(YOUR INSTRUCTIONS) No pictures, everything else exact: set down the entries in full.

(DATASET CONTENT)
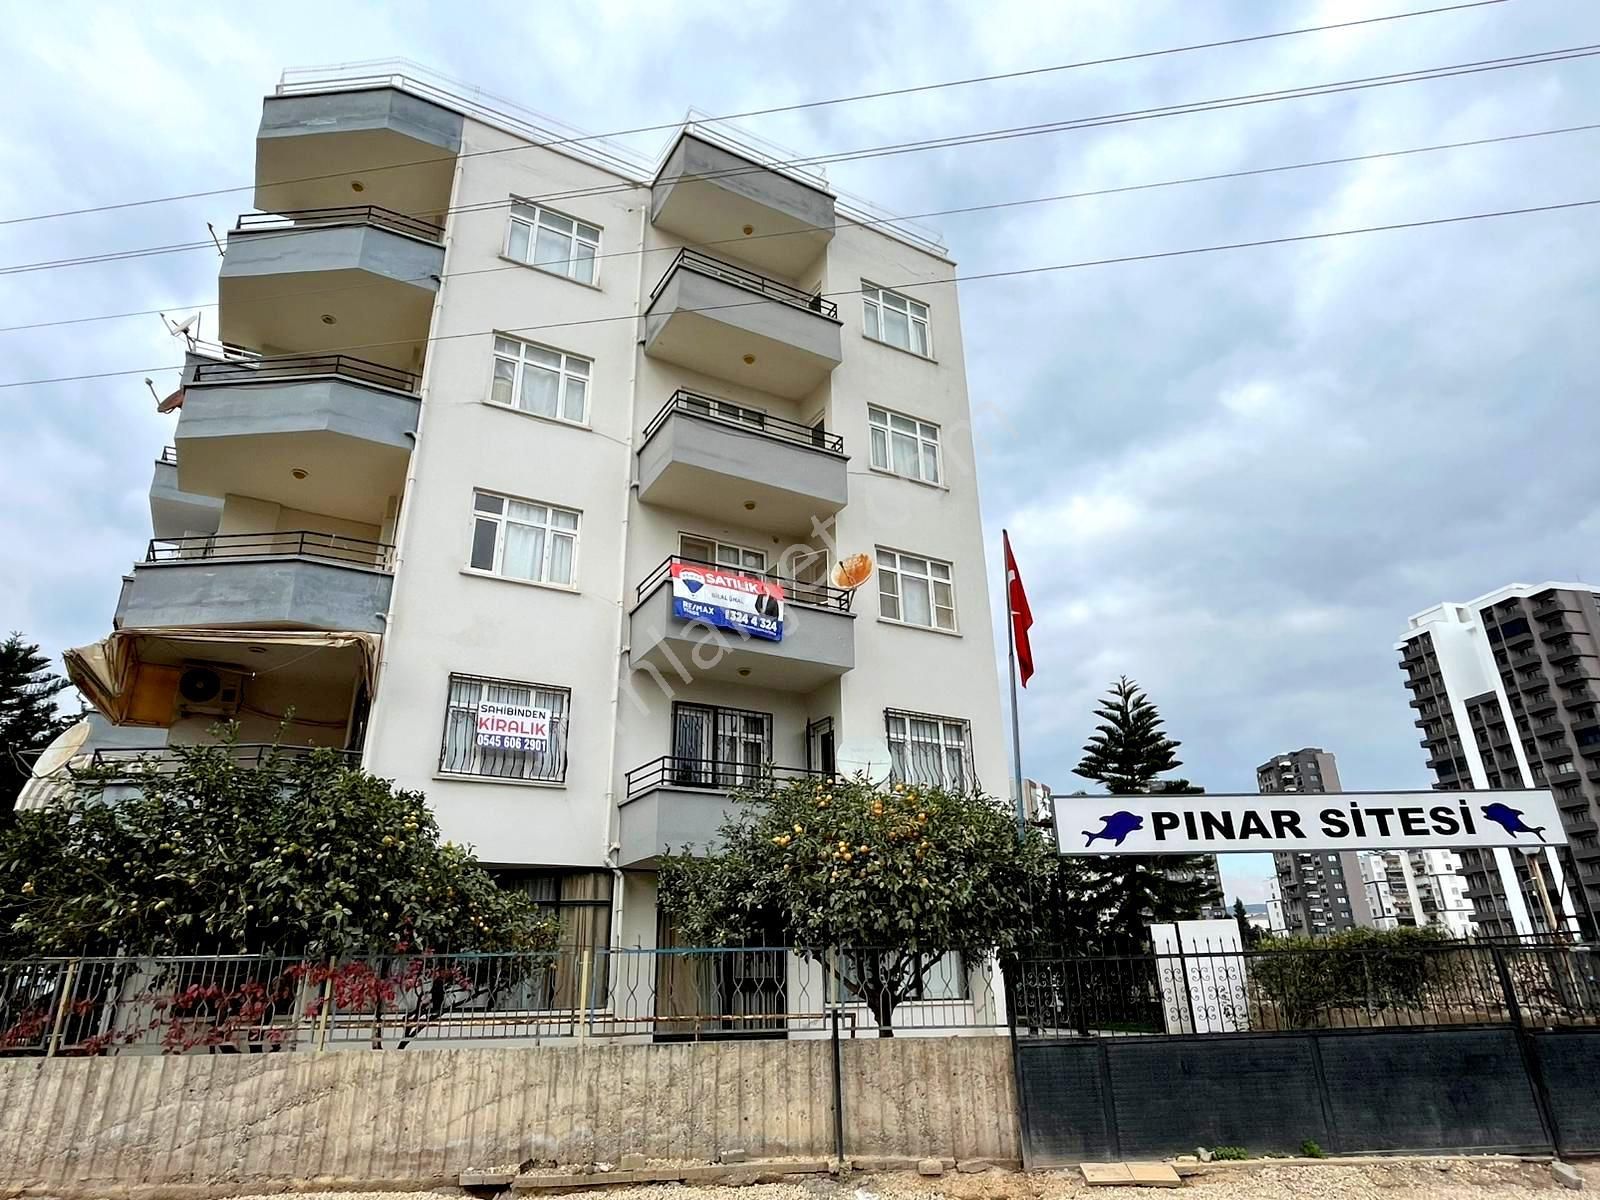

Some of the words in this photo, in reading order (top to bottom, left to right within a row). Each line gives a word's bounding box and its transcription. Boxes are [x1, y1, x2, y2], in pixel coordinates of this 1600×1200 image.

[706, 574, 758, 593] SATILIK
[683, 600, 714, 615] RE/MAX
[750, 615, 757, 626] 4
[760, 618, 777, 632] 324
[479, 715, 546, 736] KİRALIK
[477, 735, 501, 747] 0545
[503, 736, 522, 748] 606
[524, 738, 546, 752] 2901
[1151, 810, 1307, 841] PINAR
[1319, 799, 1477, 838] SİTESİ
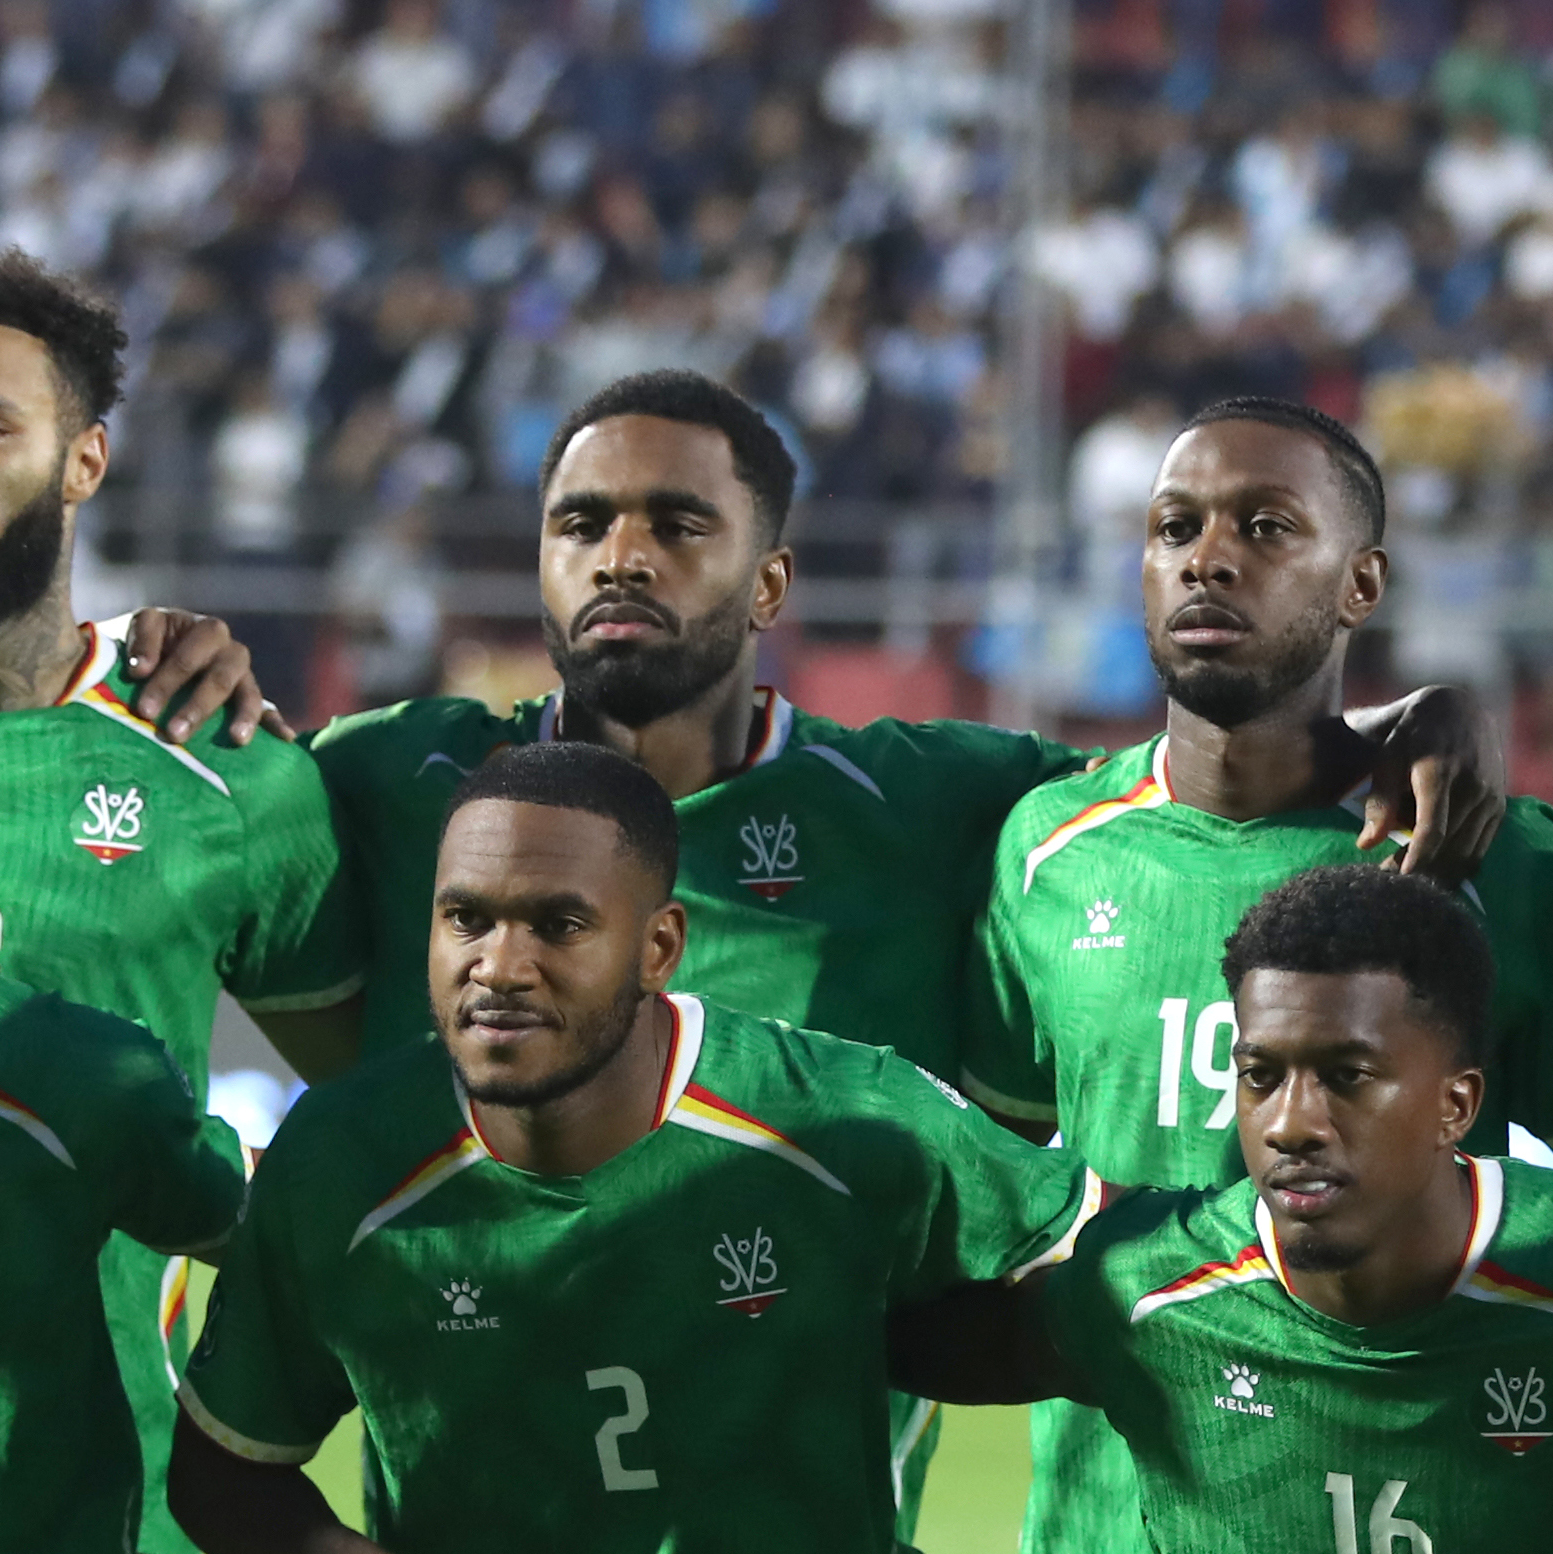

(TASK OUTPUT)
Some of the words in this photo, in reading order (top to bottom, left to right within a row). Each line gives a word's bounding box and its transcription. Boxes are [x1, y1, x2, y2], in pixel coordinates of this 1600×1200 image.

[706, 574, 758, 593] SATILIK
[683, 600, 714, 615] RE/MAX
[750, 615, 757, 626] 4
[760, 618, 777, 632] 324
[479, 715, 546, 736] KİRALIK
[477, 735, 501, 747] 0545
[503, 736, 522, 748] 606
[524, 738, 546, 752] 2901
[1151, 810, 1307, 841] PINAR
[1319, 799, 1477, 838] SİTESİ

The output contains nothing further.